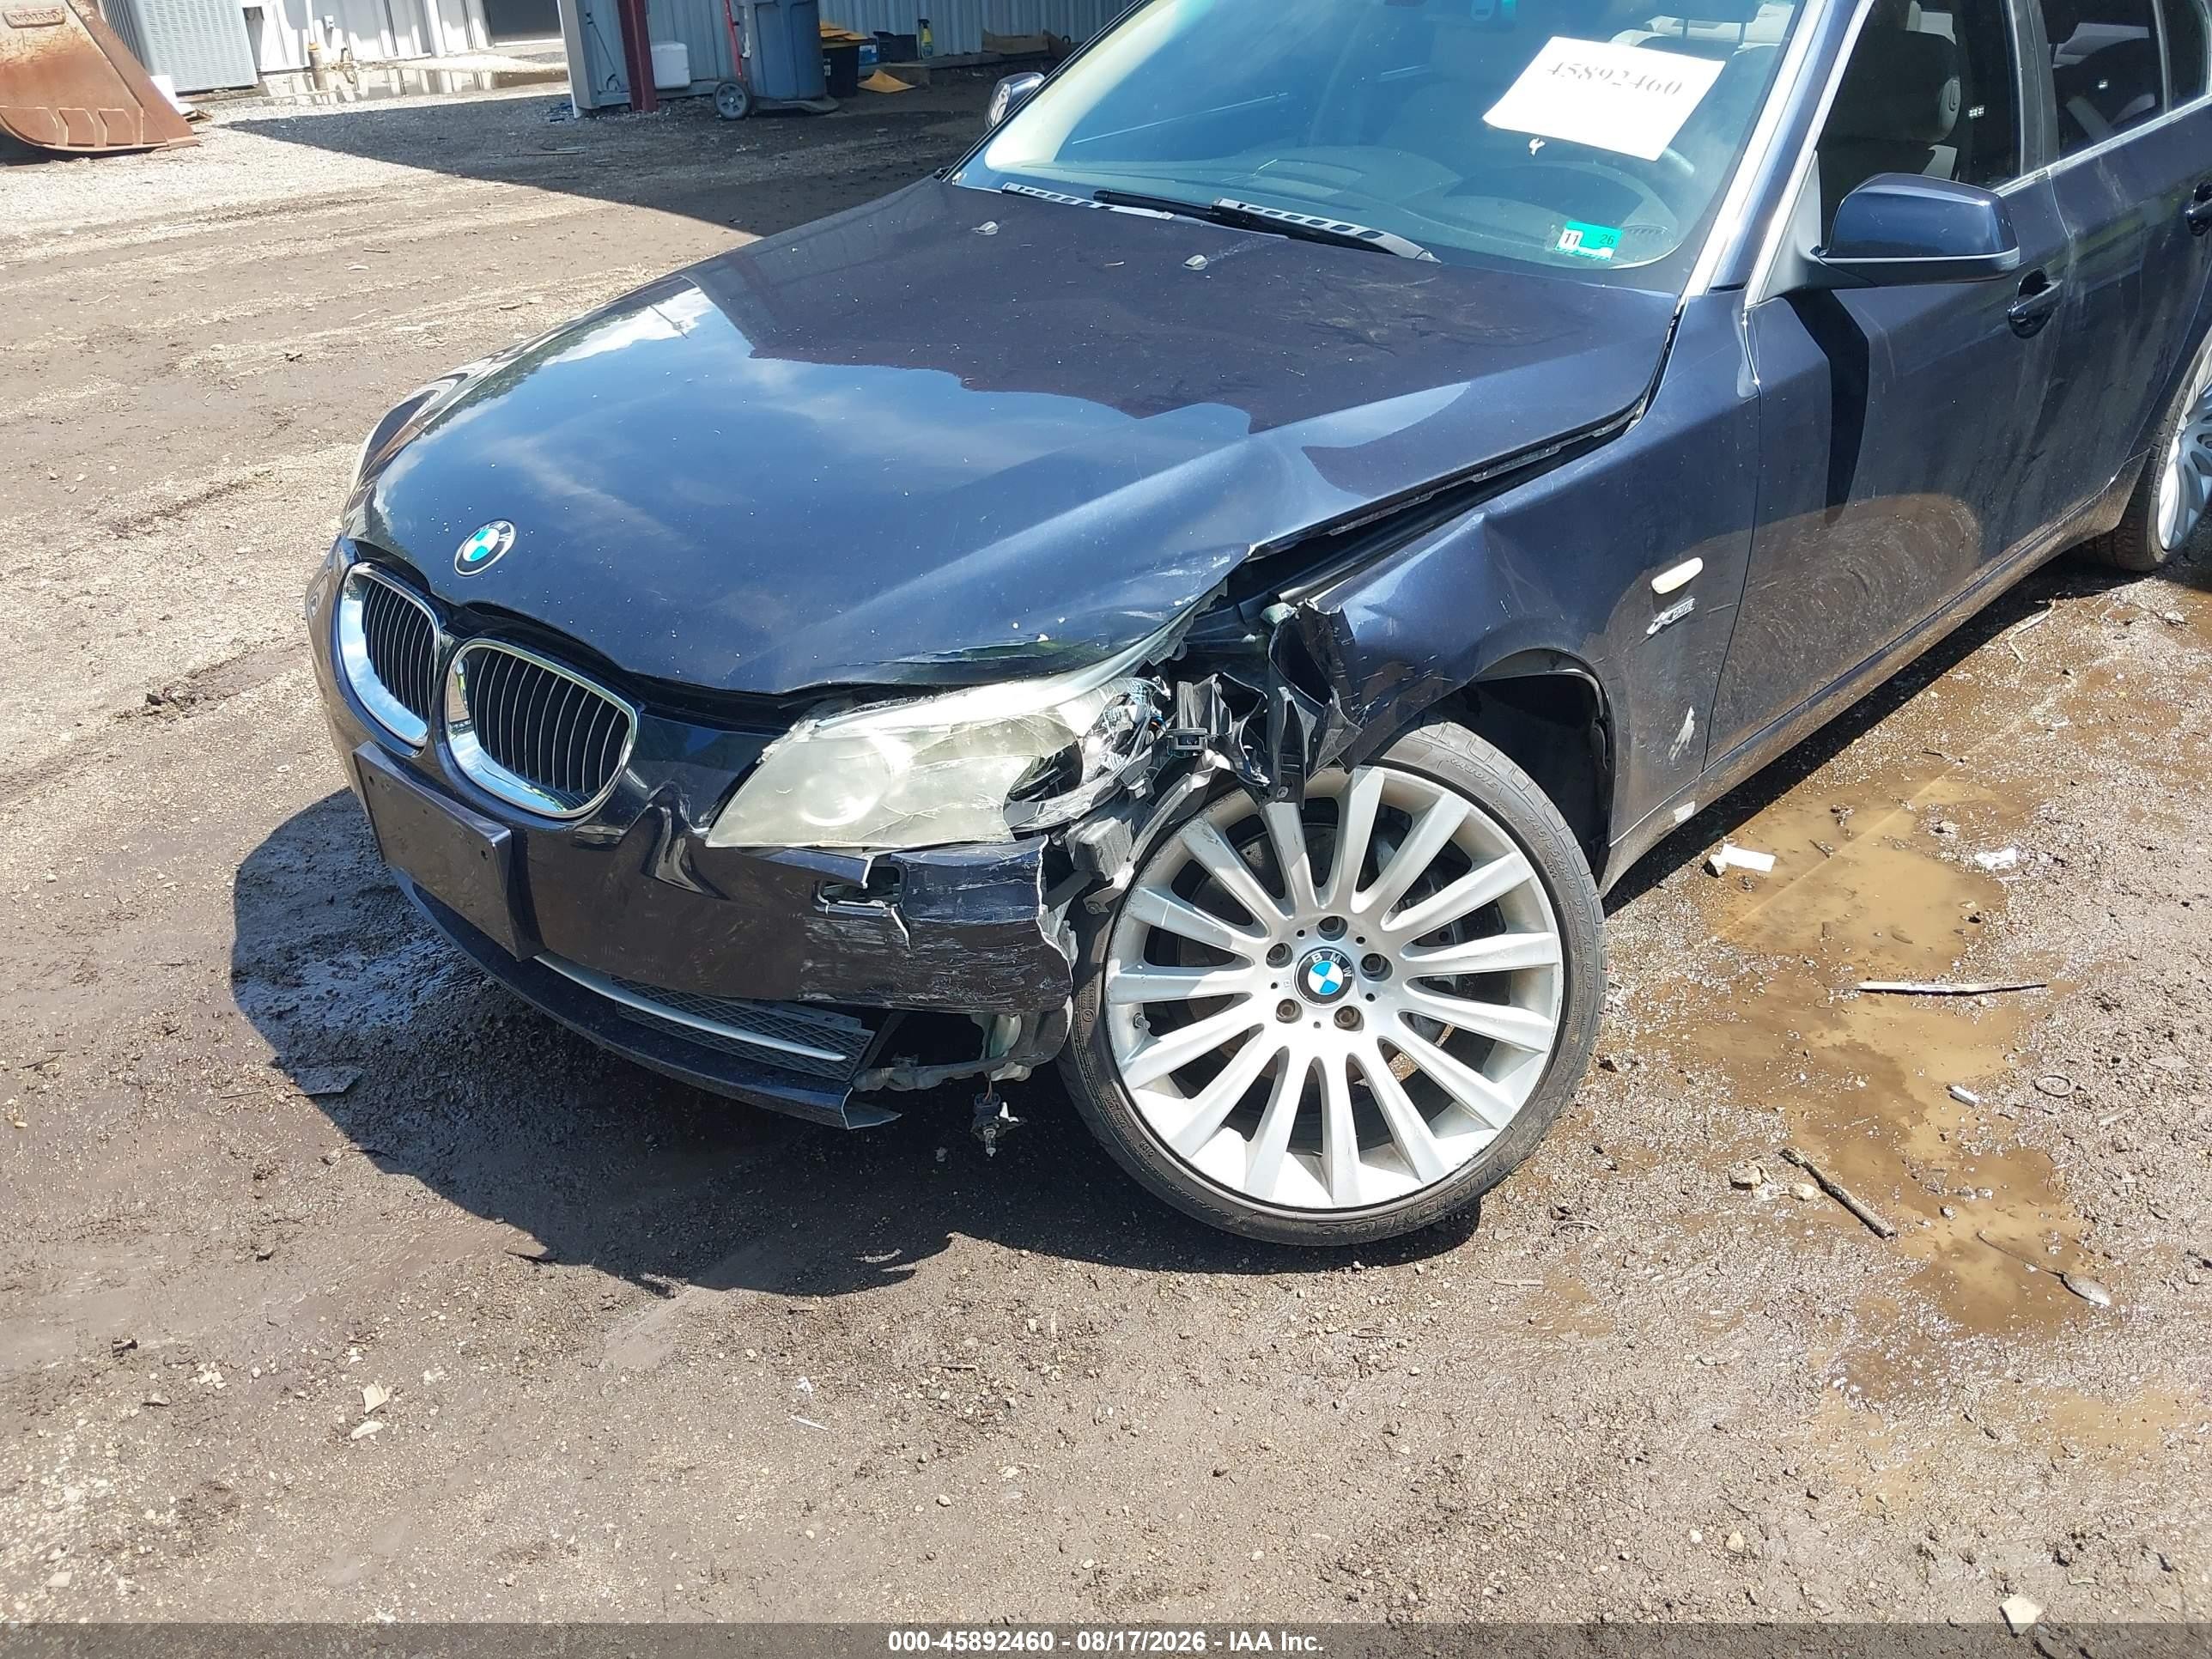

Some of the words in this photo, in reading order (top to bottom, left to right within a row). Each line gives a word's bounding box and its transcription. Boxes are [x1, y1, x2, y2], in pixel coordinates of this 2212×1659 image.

[1547, 61, 1683, 96] 45892460
[1564, 233, 1580, 246] 11
[1599, 234, 1615, 246] 26
[1311, 952, 1352, 977] BMW
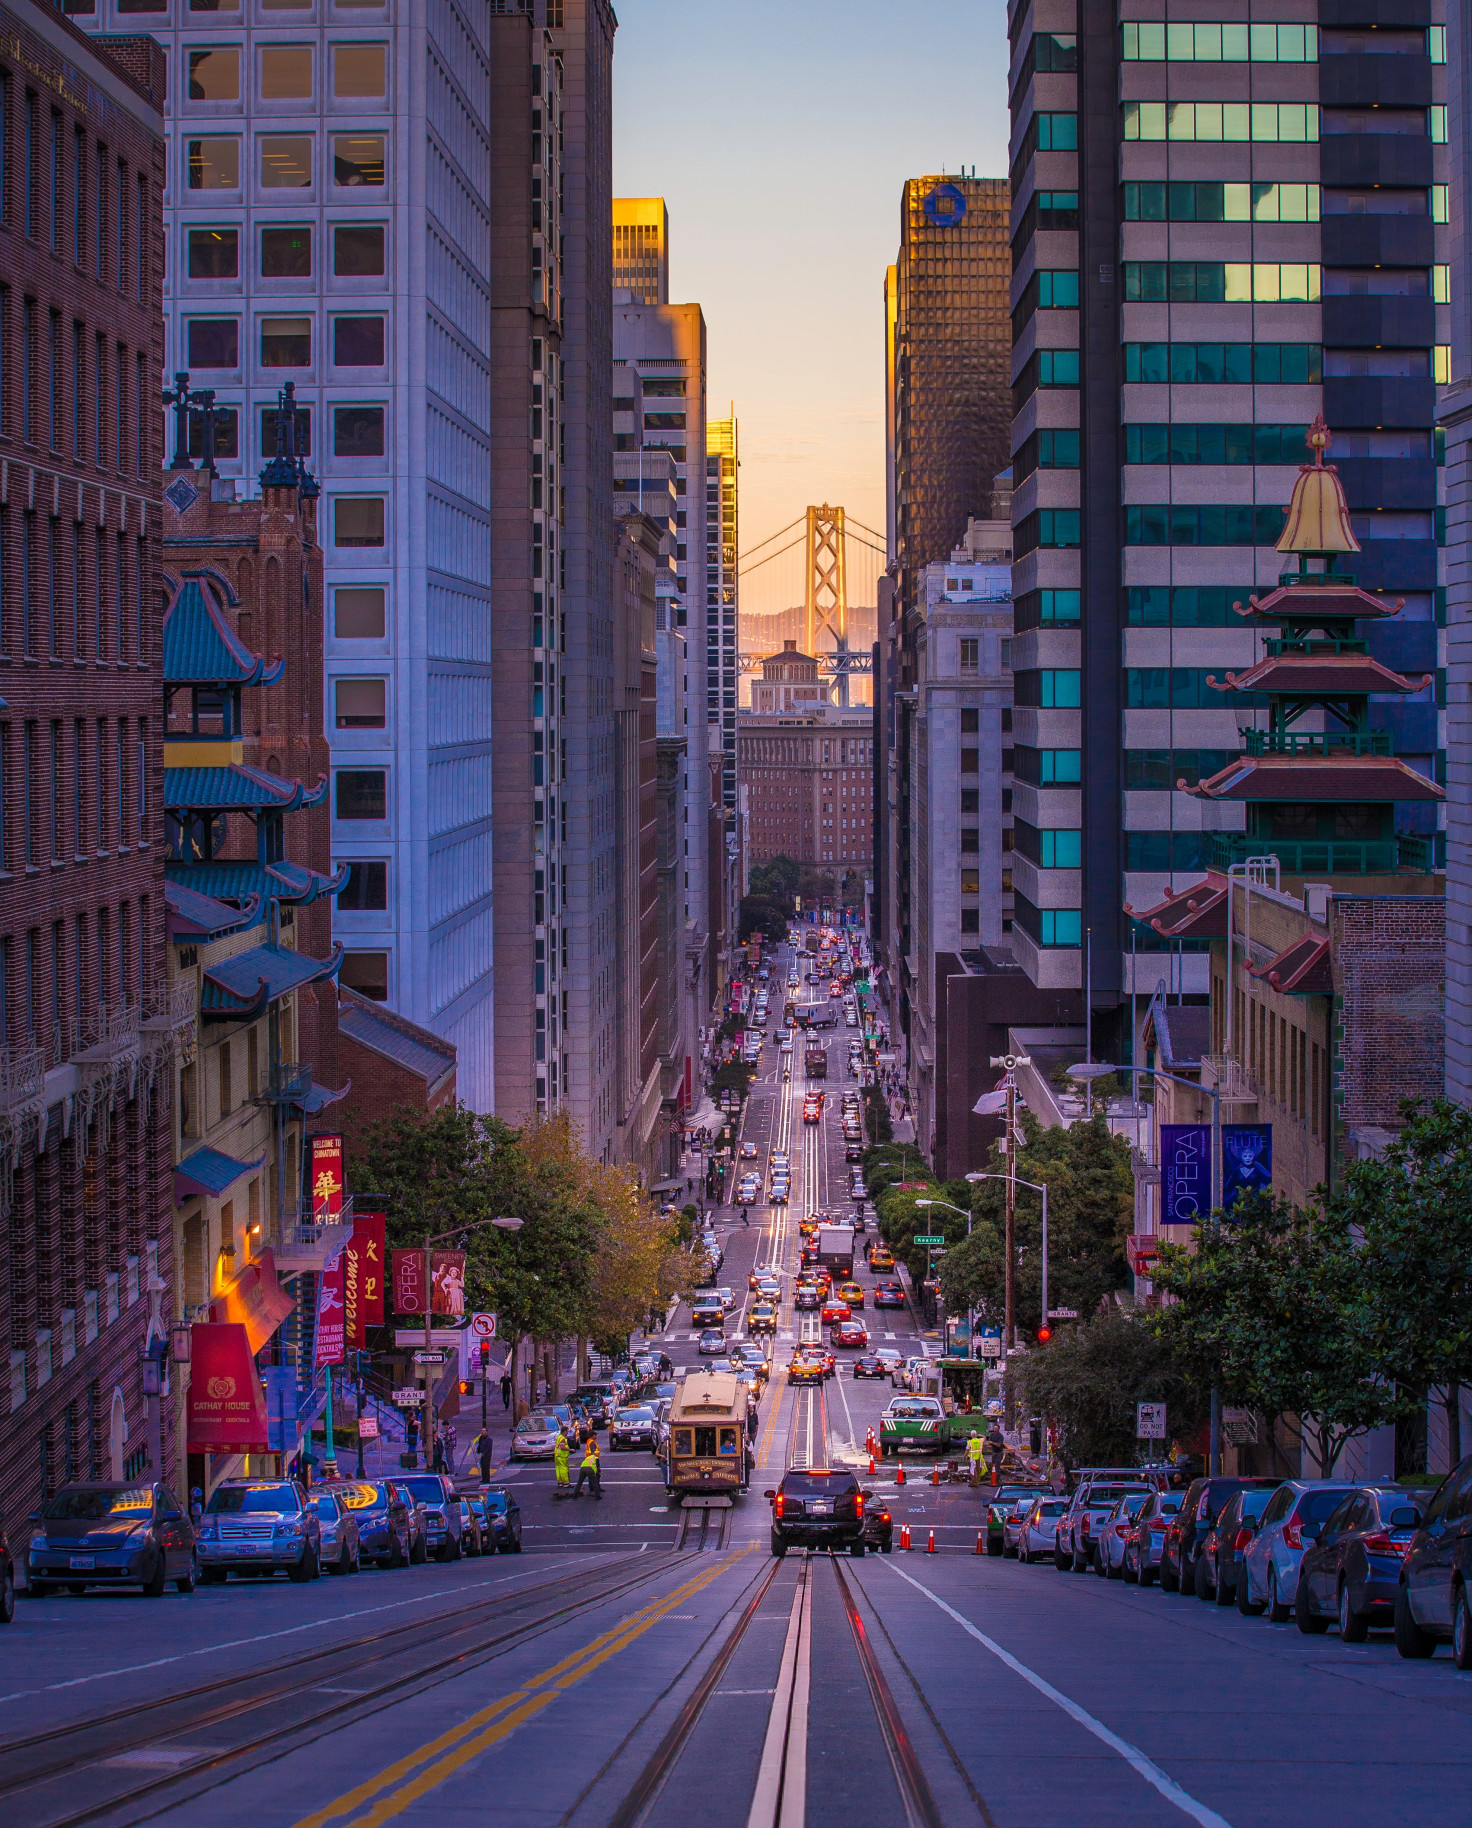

= = =

The whole listing above should be restated word for word, minus any images.

■ **Exercise output**
Some of the words in this photo, in reading order (top to bottom, left to right within a row). Each line gives a word's bounding box and its transcription. Boxes are [x1, y1, x2, y2], in pixel coordinates of this 2212×1659 image.

[1547, 61, 1683, 96] 45892460
[1564, 233, 1580, 246] 11
[1599, 234, 1615, 246] 26
[1311, 952, 1352, 977] BMW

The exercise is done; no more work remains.